== PROVIDED RECORDS ==

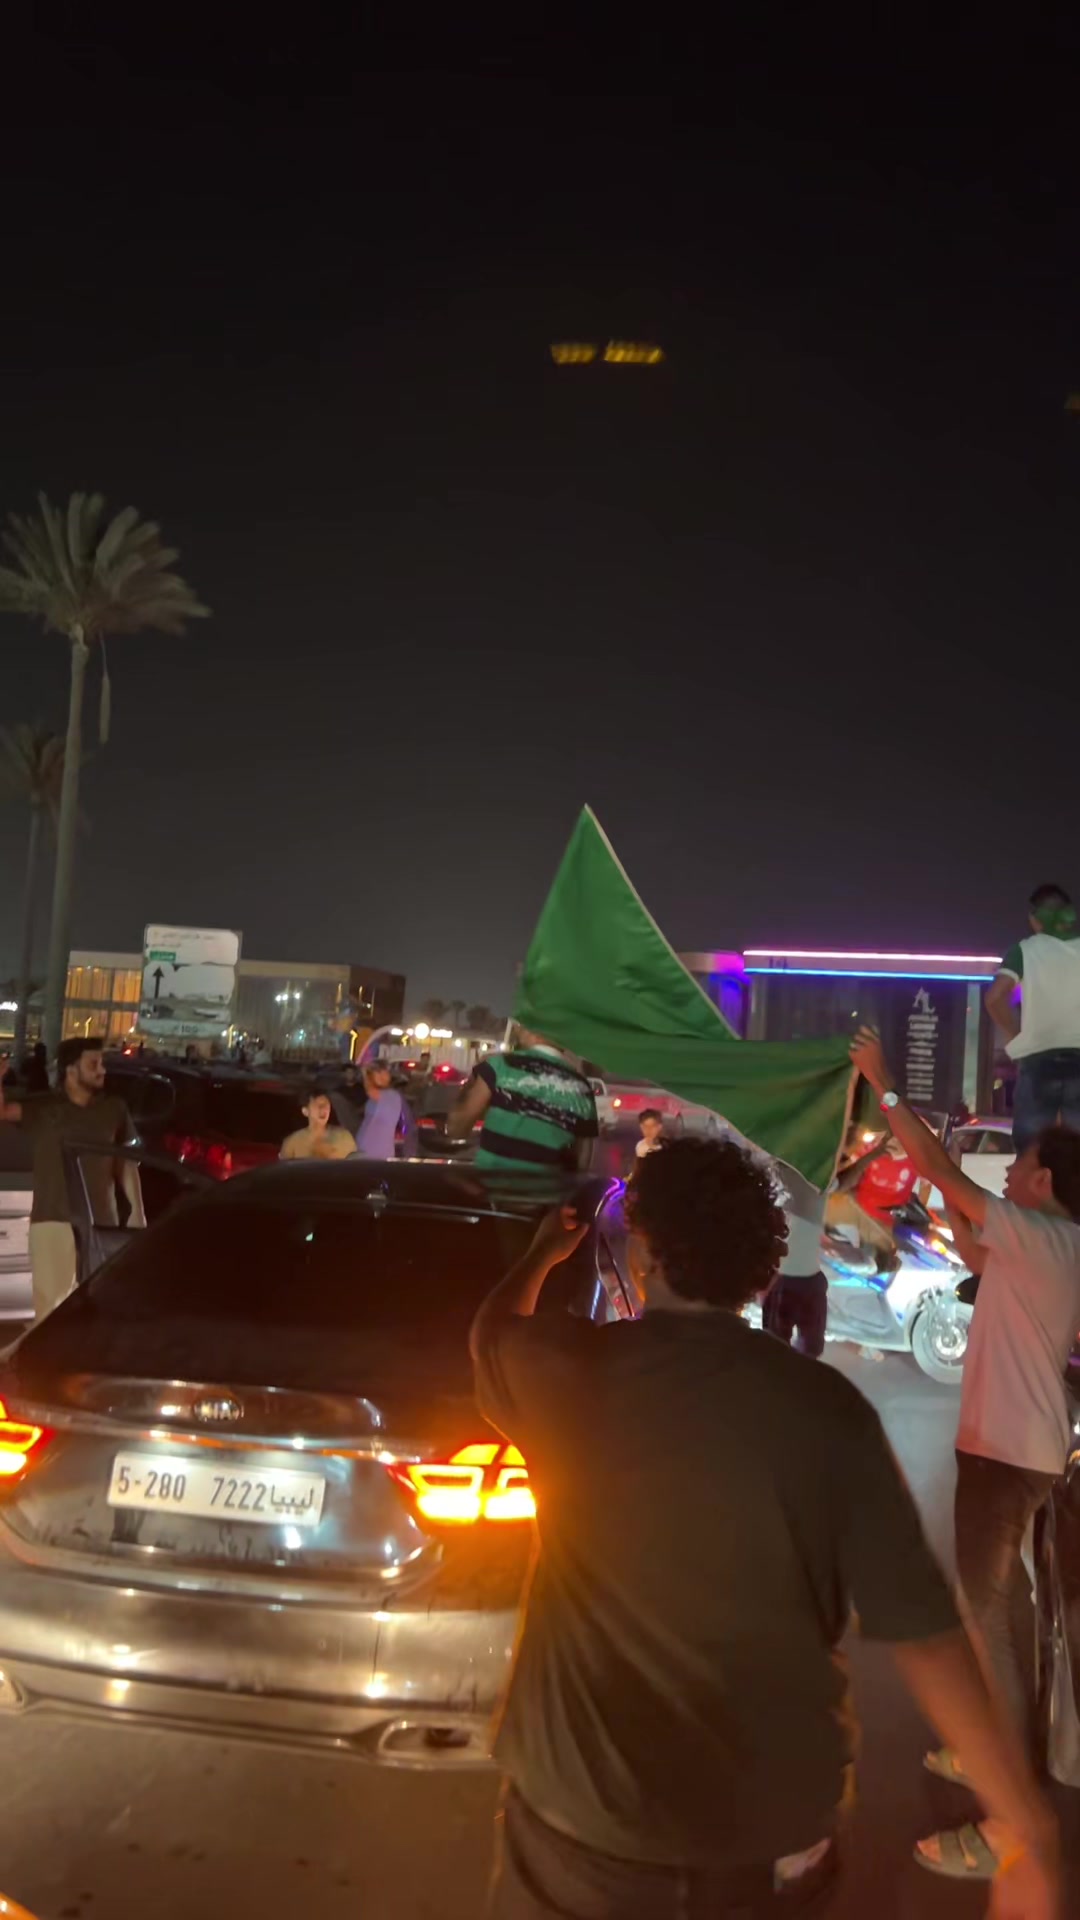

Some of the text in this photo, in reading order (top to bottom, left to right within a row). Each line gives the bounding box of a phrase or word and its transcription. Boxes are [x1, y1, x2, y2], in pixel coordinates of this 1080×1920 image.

[118, 1466, 315, 1516] 5-280 7222 ليبيا
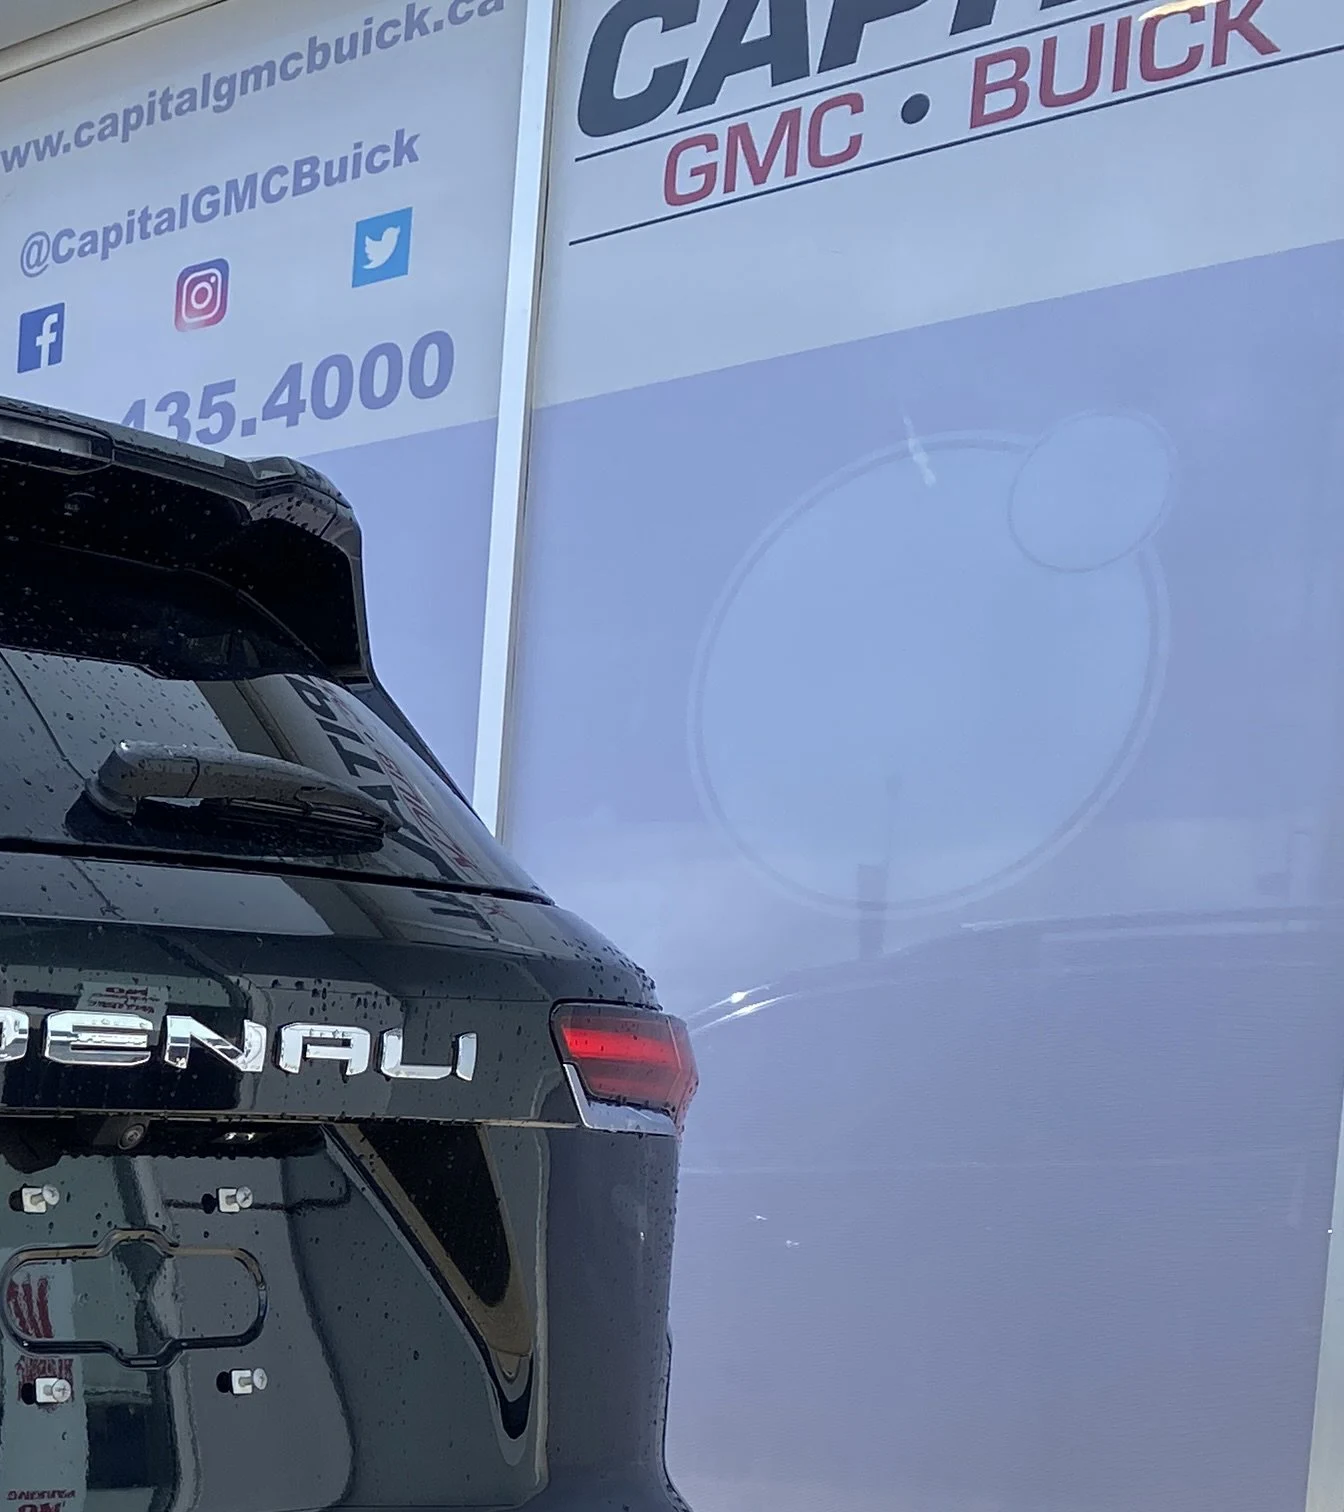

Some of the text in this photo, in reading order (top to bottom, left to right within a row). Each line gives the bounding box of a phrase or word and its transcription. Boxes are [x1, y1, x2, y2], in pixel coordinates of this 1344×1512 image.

[662, 0, 1282, 207] GMC BUICK
[20, 128, 422, 278] @CapitalGMCBuick
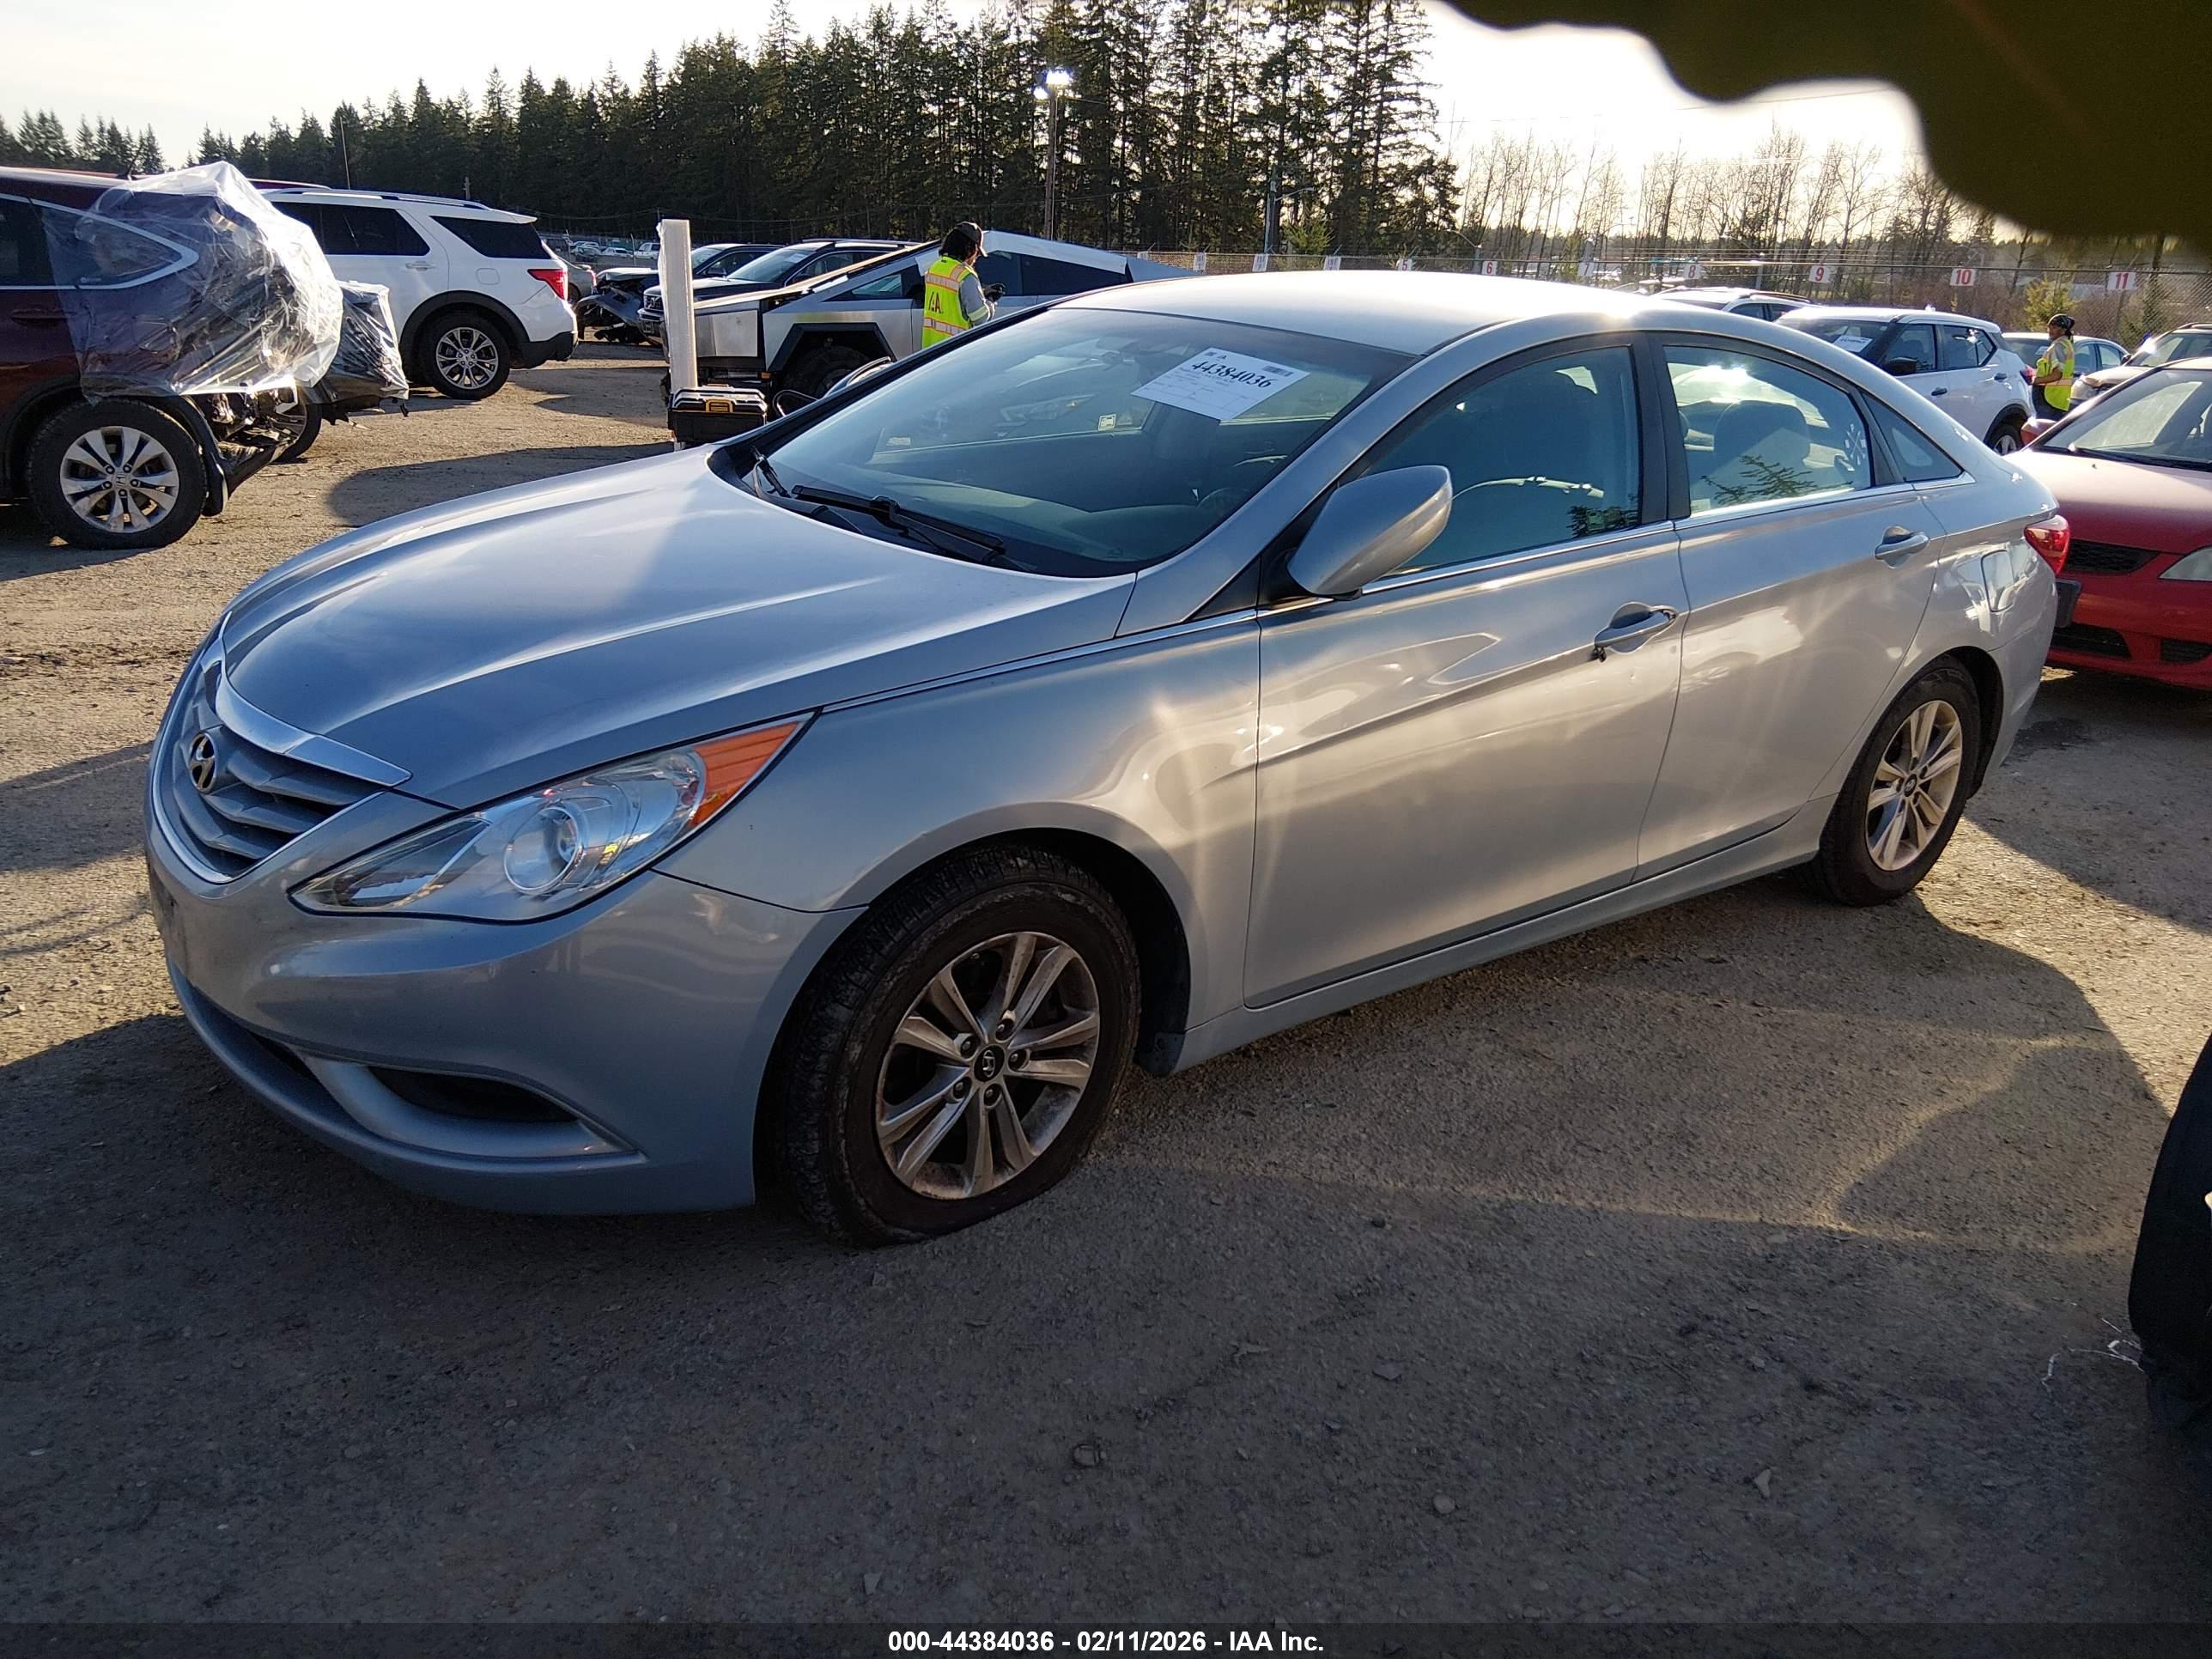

===

▶ _TASK PROMPT_: From the first line to the last, retype the data exactly, but omit every image.

▶ _ANSWER TO THE PROBLEM_:
Some of the text in this photo, in reading order (top to bottom, left to right within a row). Each line gives the bounding box of a phrase or word and its transcription. Boxes are [x1, y1, x2, y2], in pixel coordinates of this 1080×1920 image.

[118, 1466, 315, 1516] 5-280 7222 ليبيا

Some of the text in this photo, in reading order (top to bottom, left to right within a row). Each line gives the bounding box of a phrase or word and its transcription. Boxes are [x1, y1, x2, y2], in pixel coordinates of this 1344×1512 image.

[662, 0, 1282, 207] GMC BUICK
[20, 128, 422, 278] @CapitalGMCBuick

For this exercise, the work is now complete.